Pero Rhoda prosiguió, dando un suspiro:

—Fue terrible, desde luego... ¡pero también fue emocionante! No creo que Anne aprecie este punto de vista. Estoy segura de que la señora Oliver está vivamente emocionada por el hecho de haber estado allí la otra noche.

—¿La señora...? ¡Ah, sí! Su voluminosa amiga; la que escribe novelas acerca de ese finlandés de nombre impronunciable. ¿Trata ahora de dedicarse a la investigación de un crimen real?

—Eso parece.

—Bien; deseémosle suerte. Sería divertido que les diera una lección a Battle y compañía.

—¿Qué tal es el superintendente Battle? —preguntó Rhoda con curiosidad.

—Es un hombre muy astuto —dijo Despard—. Un hombre de facultades poco corrientes.

—¡Oh! —exclamó Rhoda—. Me dijo Anne que tenía un aspecto algo estúpido.

—Eso, según creo, forma parte de su juego. Pero no comete ninguna equivocación. Battle no es tonto,

El joven se levantó.

—Bueno; debo irme. Hay otra cosa que me gustaría decirle.

Anne se levantó también.

—¿Sí? —dijo extendiendo la mano.

Despard se detuvo un momento, como si estuviera escogiendo cuidadosamente las palabras. Tomó la mano de ella y no la soltó, mientras miraba con fijeza sus ojos grandes y grises.

—No se ofenda conmigo. Quería decirle esto: Es humanamente posible que existan algunas facetas de su amistad con Shaitana, las cuales no desee usted que salgan a la luz. Si es así... no se enfade, por favor... —sintió la instintiva sacudida de la mano de ella—, tiene usted perfecto derecho a negarse a contestar cualquier pregunta que le haga Battle, mientras no esté presente su abogado.

Anne retiró la mano. Sus ojos se abrieron aún más y su color gris se oscureció por efecto de la cólera.

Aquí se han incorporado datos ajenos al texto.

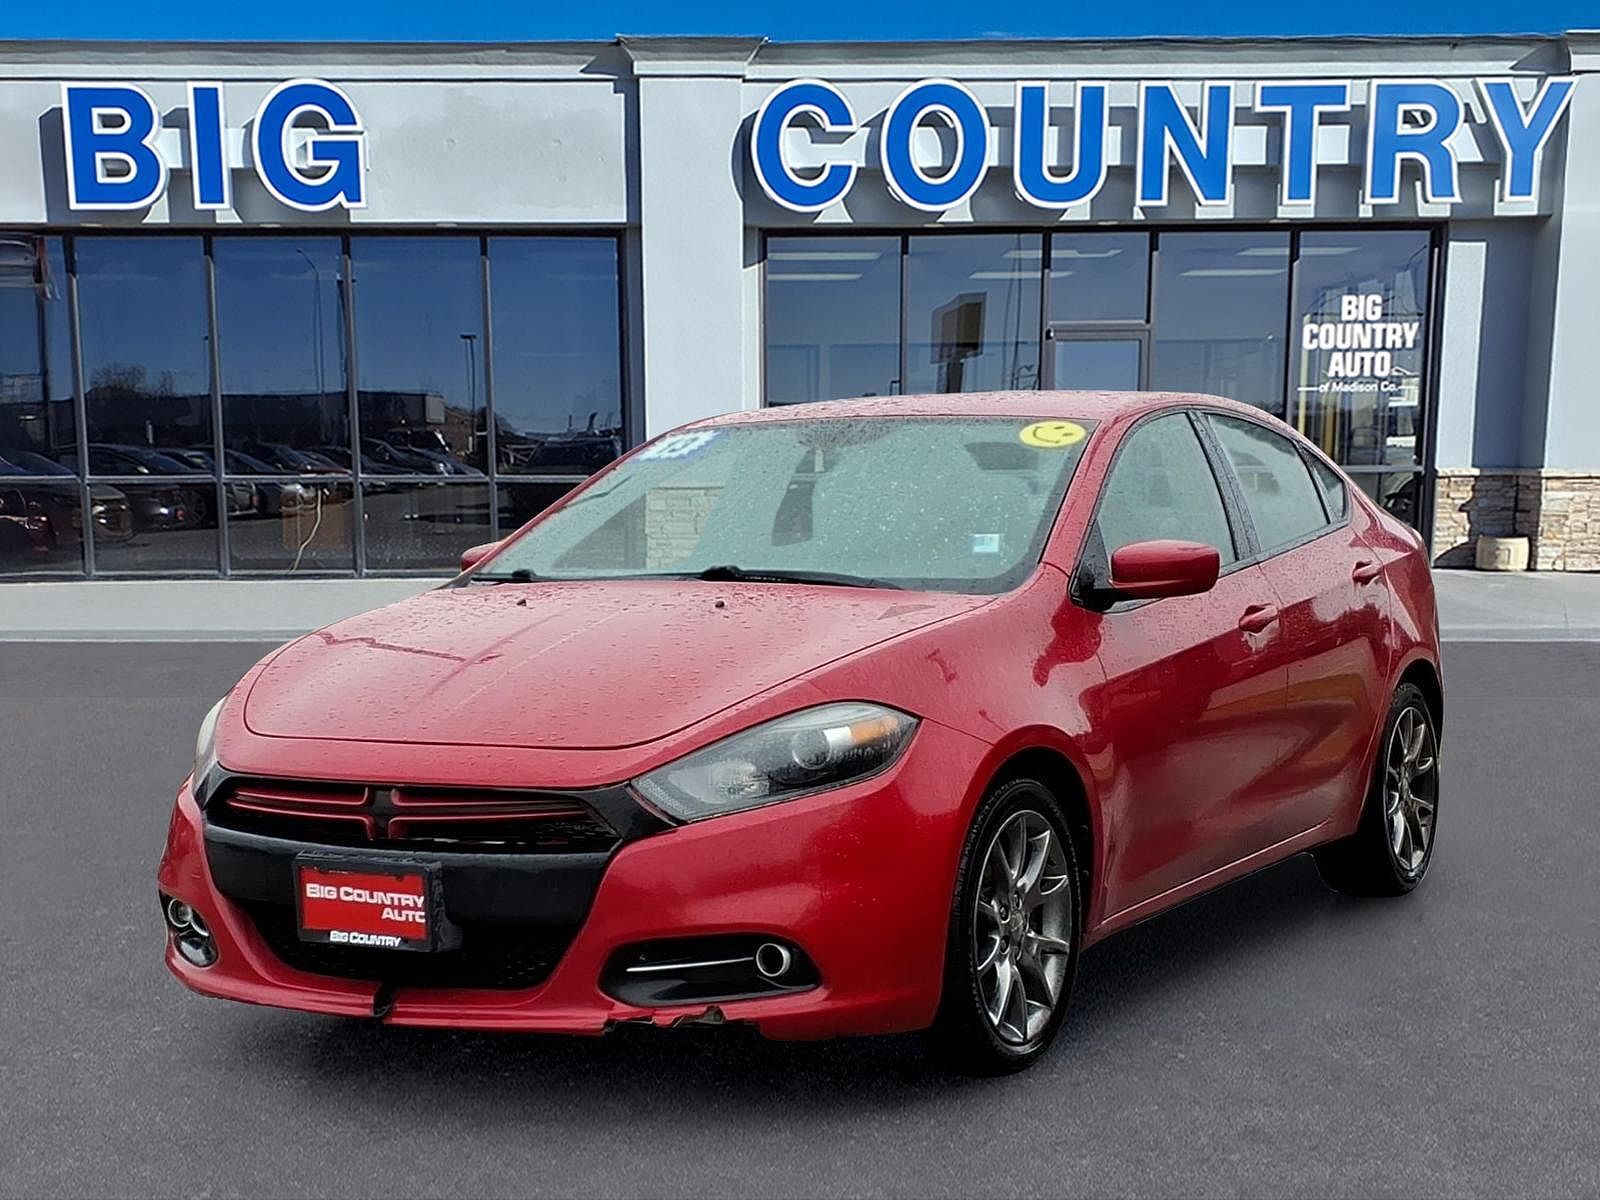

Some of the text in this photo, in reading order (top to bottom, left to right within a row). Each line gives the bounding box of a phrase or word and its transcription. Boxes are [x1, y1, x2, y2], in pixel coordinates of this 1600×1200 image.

[61, 76, 1578, 212] BIG COUNTRY
[1341, 294, 1383, 321] BIG
[1302, 322, 1420, 350] COUNTRY
[1328, 351, 1392, 377] AUTO
[1319, 381, 1330, 393] of
[1331, 381, 1378, 392] Madison
[306, 883, 425, 908] BIG COUNTRY
[329, 930, 402, 947] BIG COUNTRY

—No hay nada... nada... Casi no conocía a ese hombre.

—Lo siento —dijo el mayor Despard—. Creí que debía recordárselo.

—Es verdad —intervino Rhoda—. Anne apenas le conocía. No le tenía muchas simpatías, pero daba unas fiestas verdaderamente encantadoras.

—Al parecer, eso fue lo único que justificaba la existencia del difunto señor Shaitana —comentó Despard con aspereza.

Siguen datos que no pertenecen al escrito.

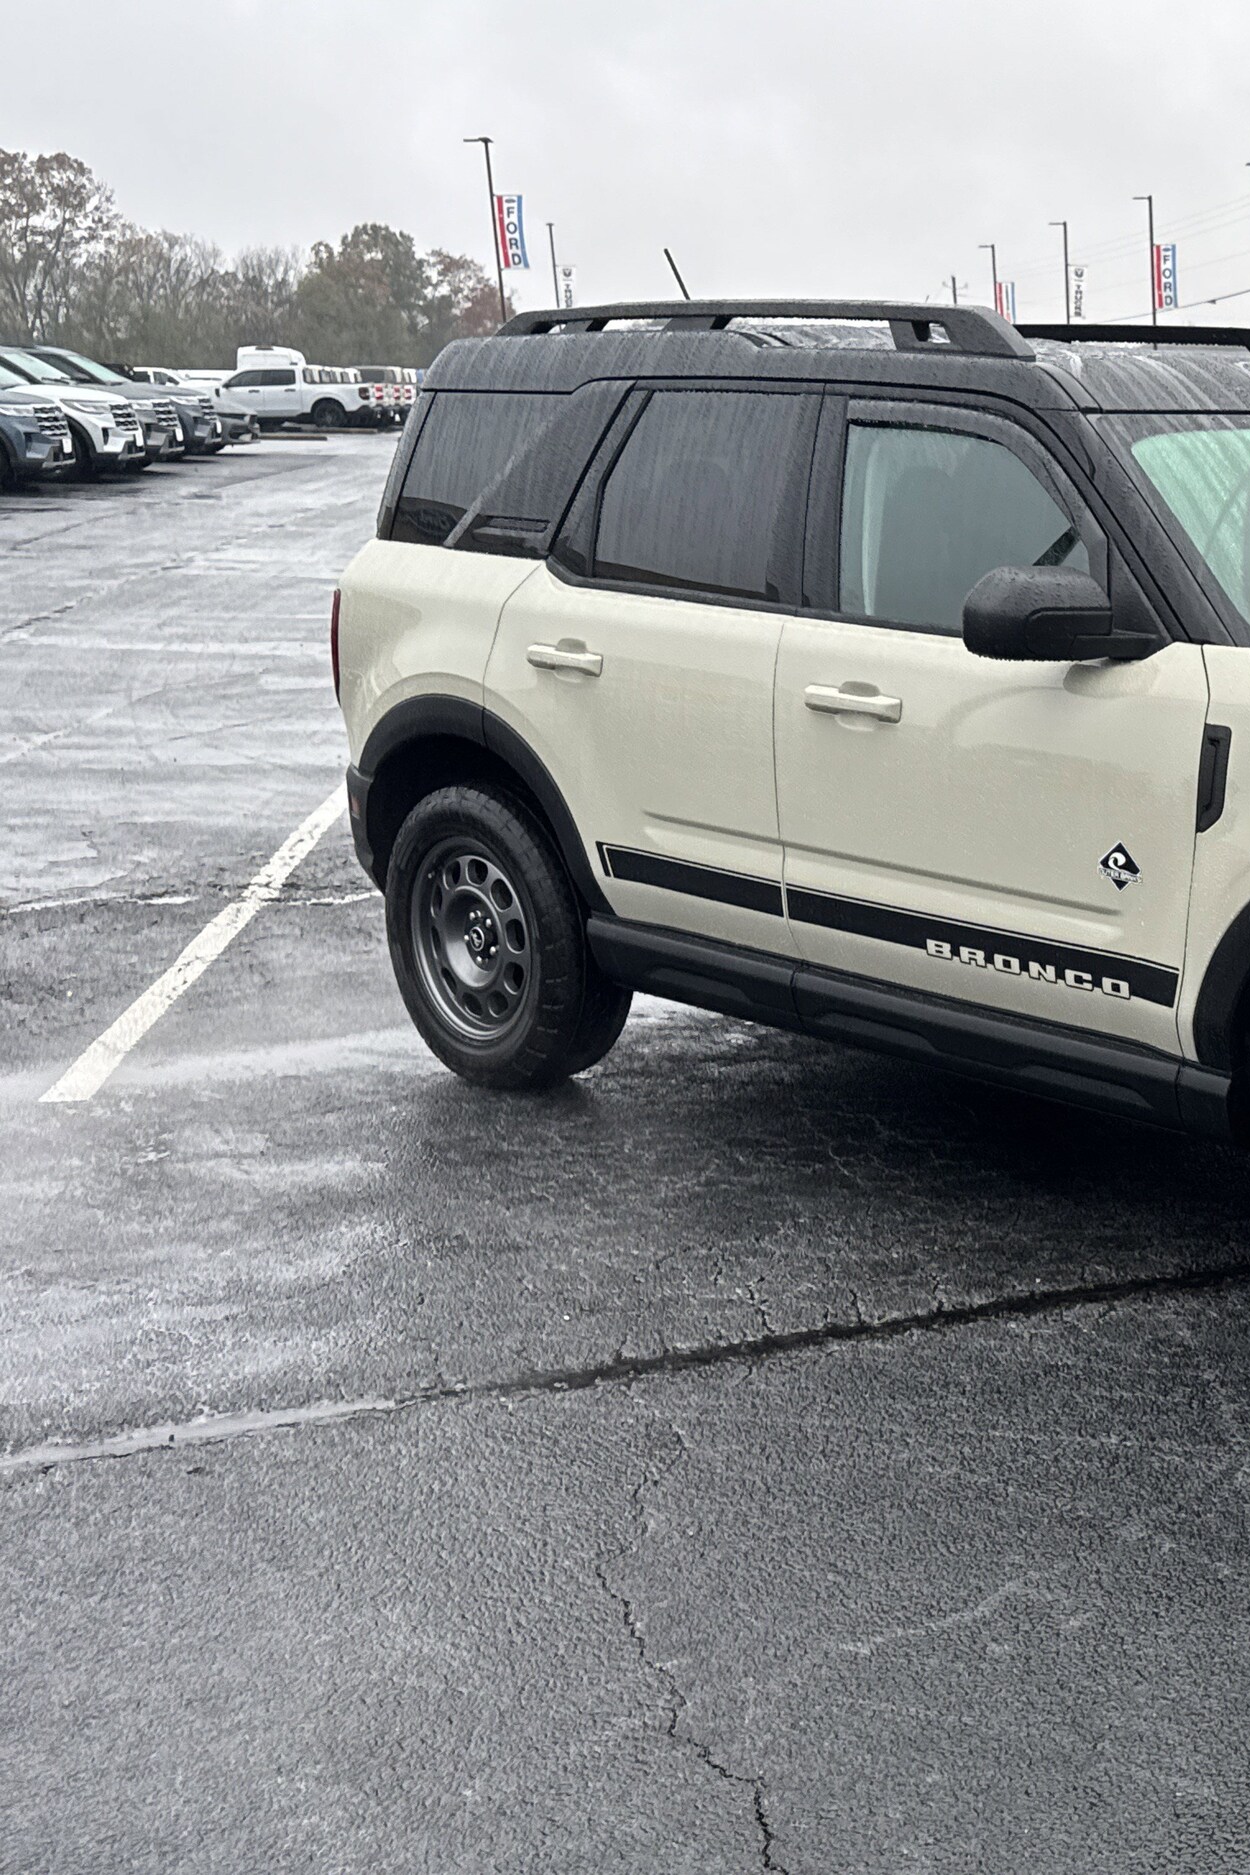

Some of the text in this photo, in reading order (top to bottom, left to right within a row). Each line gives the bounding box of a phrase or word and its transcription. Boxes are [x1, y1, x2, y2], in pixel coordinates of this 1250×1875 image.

—El superintendente Battle puede preguntarme lo que guste —dijo Anne fríamente—. No tengo nada que ocultar... nada.

—Le ruego que me perdone —solicitó el joven con suavidad.

—Está bien —la muchacha lo miró. Su cólera se desvaneció y sonrió con dulzura—. Ya sé que me lo advirtió con buena intención.

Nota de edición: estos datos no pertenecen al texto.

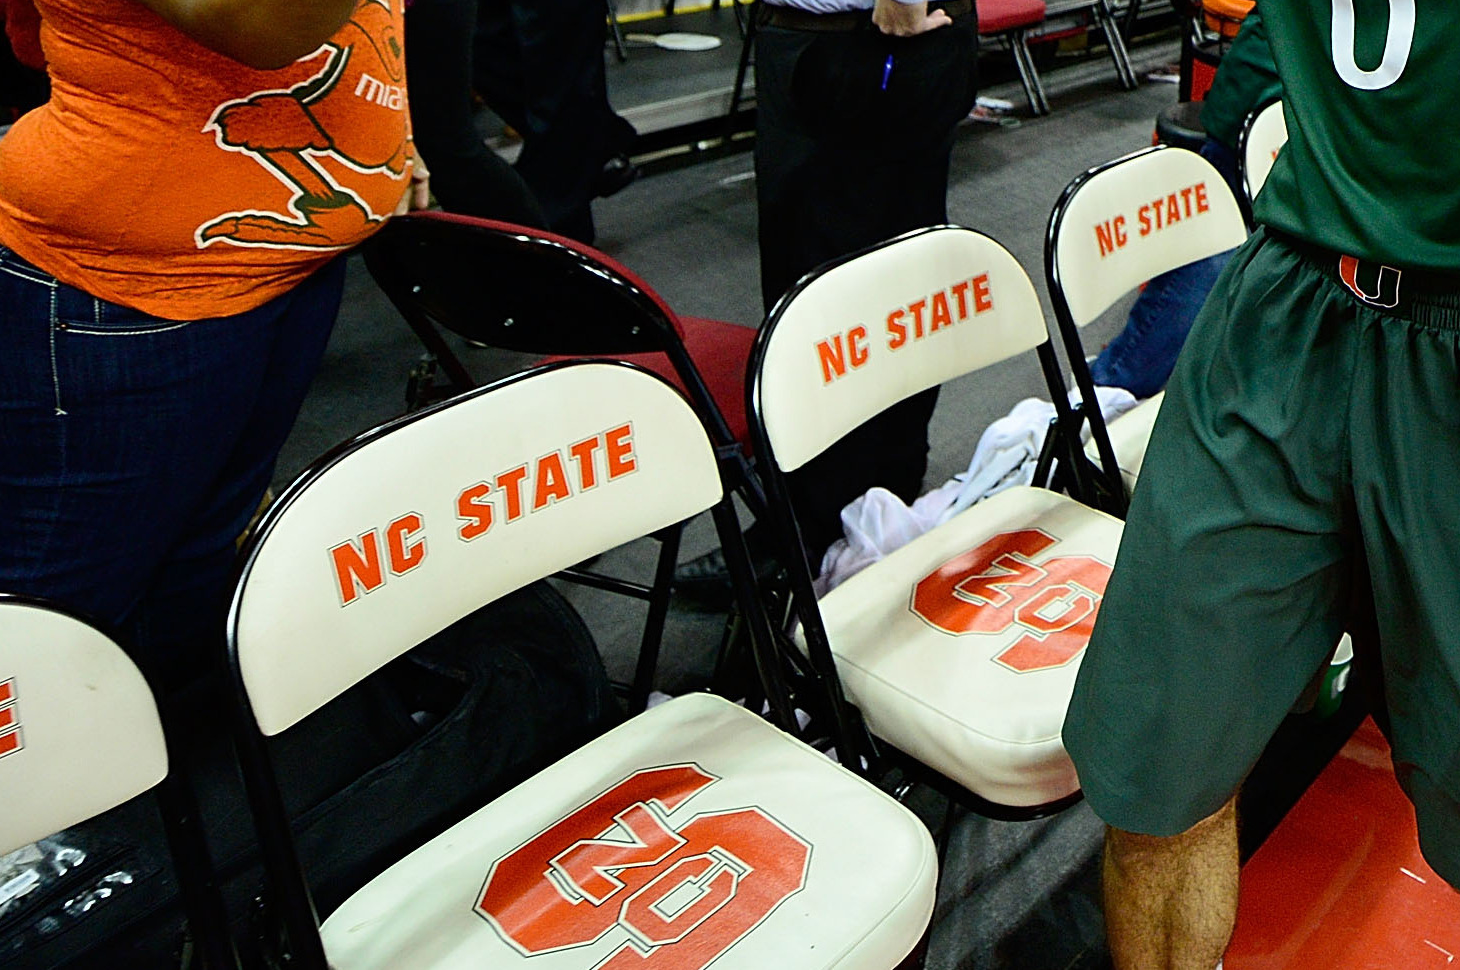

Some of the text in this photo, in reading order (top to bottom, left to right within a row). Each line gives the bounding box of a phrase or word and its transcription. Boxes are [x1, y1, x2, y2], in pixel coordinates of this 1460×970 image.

[1094, 181, 1210, 258] NC STATE
[815, 270, 994, 387] NC STATE
[1339, 254, 1402, 308] U
[327, 420, 639, 608] NC STATE

Extendió su mano otra vez y Despard la tomó mientras decía:

—Vamos los dos en la misma embarcación. Debemos alinearnos...

Anne lo acompañó hasta la cancela. Cuando volvió, Rhoda estaba mirando por la ventana y silbando. Dio la vuelta cuando su amigo entró en la habitación.

—Ese chico es muy interesante, Anne.

—Ha sido muy amable, ¿verdad?

—Mucho más que amable... me ha fascinado por completo. ¿Por qué no fui yo en tu lugar a esa maldita comida? Hubiera disfrutado de toda aquella excitación... La red cerrándose sobre mí... las sospechas envolviéndome... la sombra del patíbulo...

—Nada de eso. Estás diciendo tonterías, Rhoda.

Anne habló con voz aguda. Luego se suavizó y dijo:

—Fue muy amable al venir aquí... por una extraña... una chica a la que solamente había visto una vez.